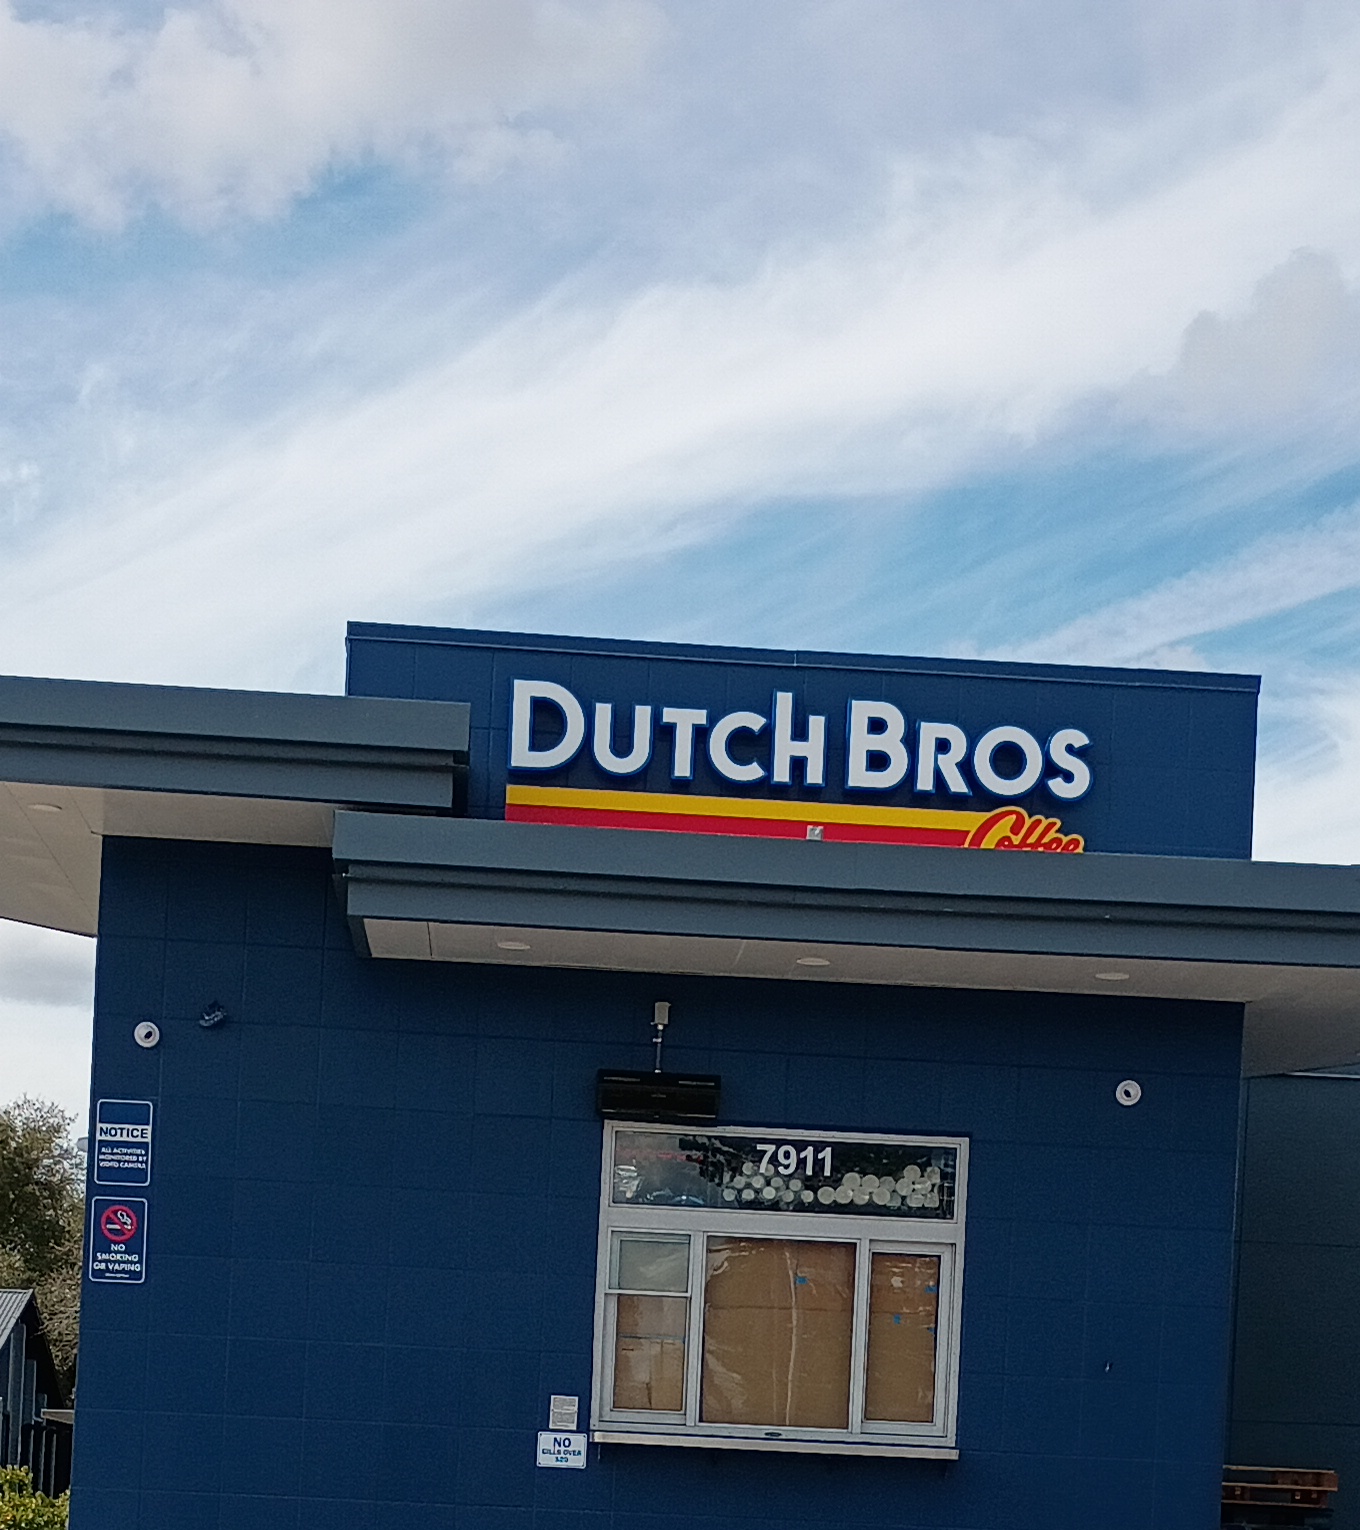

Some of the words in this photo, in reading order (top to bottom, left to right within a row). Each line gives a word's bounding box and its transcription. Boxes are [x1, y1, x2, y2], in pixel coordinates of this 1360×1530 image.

[510, 678, 824, 785] DUTCH
[847, 700, 1092, 799] BROS
[99, 1126, 148, 1139] NOTICE
[120, 1161, 146, 1169] CAMERA
[756, 1144, 832, 1177] 7911
[111, 1243, 125, 1251] NO
[96, 1252, 139, 1262] SMOKING
[93, 1261, 106, 1270] OR
[107, 1262, 141, 1272] VAPING
[554, 1437, 571, 1448] NO
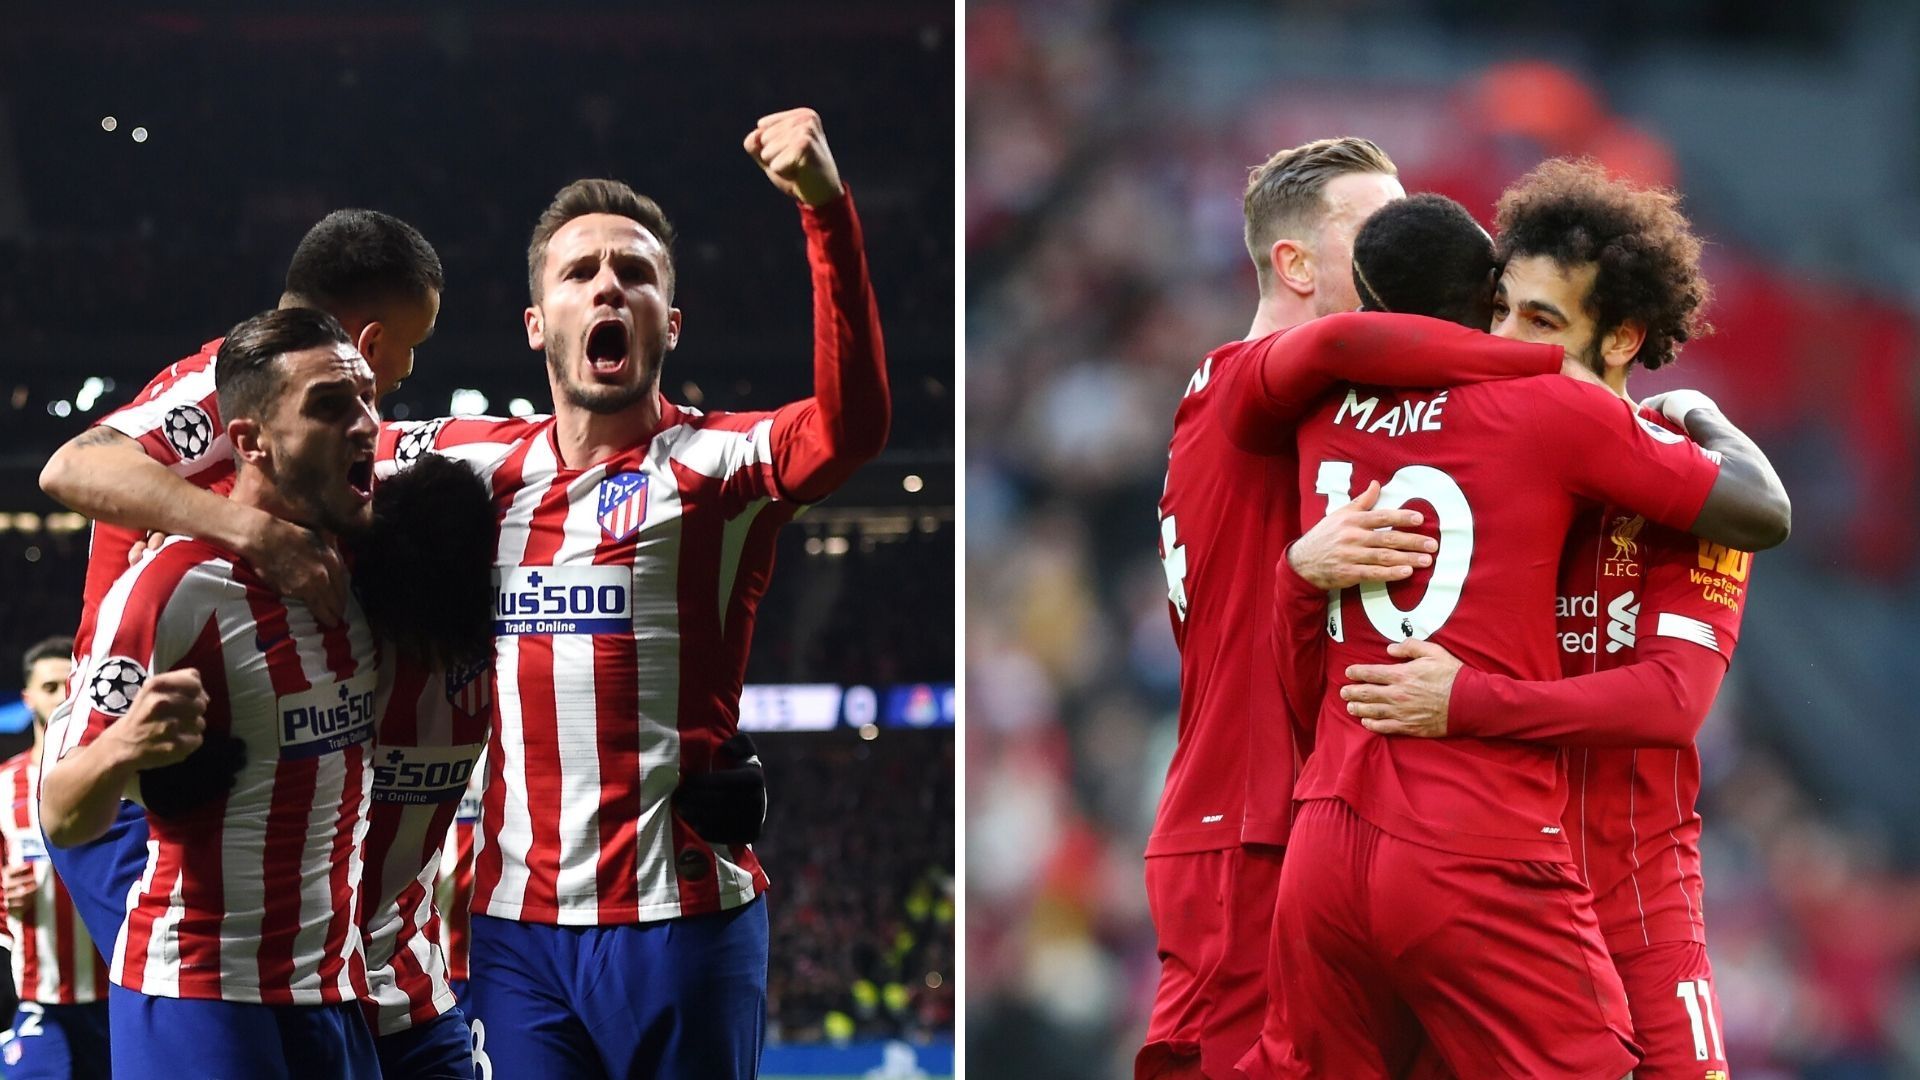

• • • •

What is being asked:
Would you print all of the material exactly as written, minus the pictures?

Response to this exercise:
Some of the words in this photo, in reading order (top to bottom, left to right within a row). Each line gives a word's bounding box and its transcription. Boxes are [x1, y1, x2, y2], in pixel coordinates of this 1360×1530 image.

[510, 678, 824, 785] DUTCH
[847, 700, 1092, 799] BROS
[99, 1126, 148, 1139] NOTICE
[120, 1161, 146, 1169] CAMERA
[756, 1144, 832, 1177] 7911
[111, 1243, 125, 1251] NO
[96, 1252, 139, 1262] SMOKING
[93, 1261, 106, 1270] OR
[107, 1262, 141, 1272] VAPING
[554, 1437, 571, 1448] NO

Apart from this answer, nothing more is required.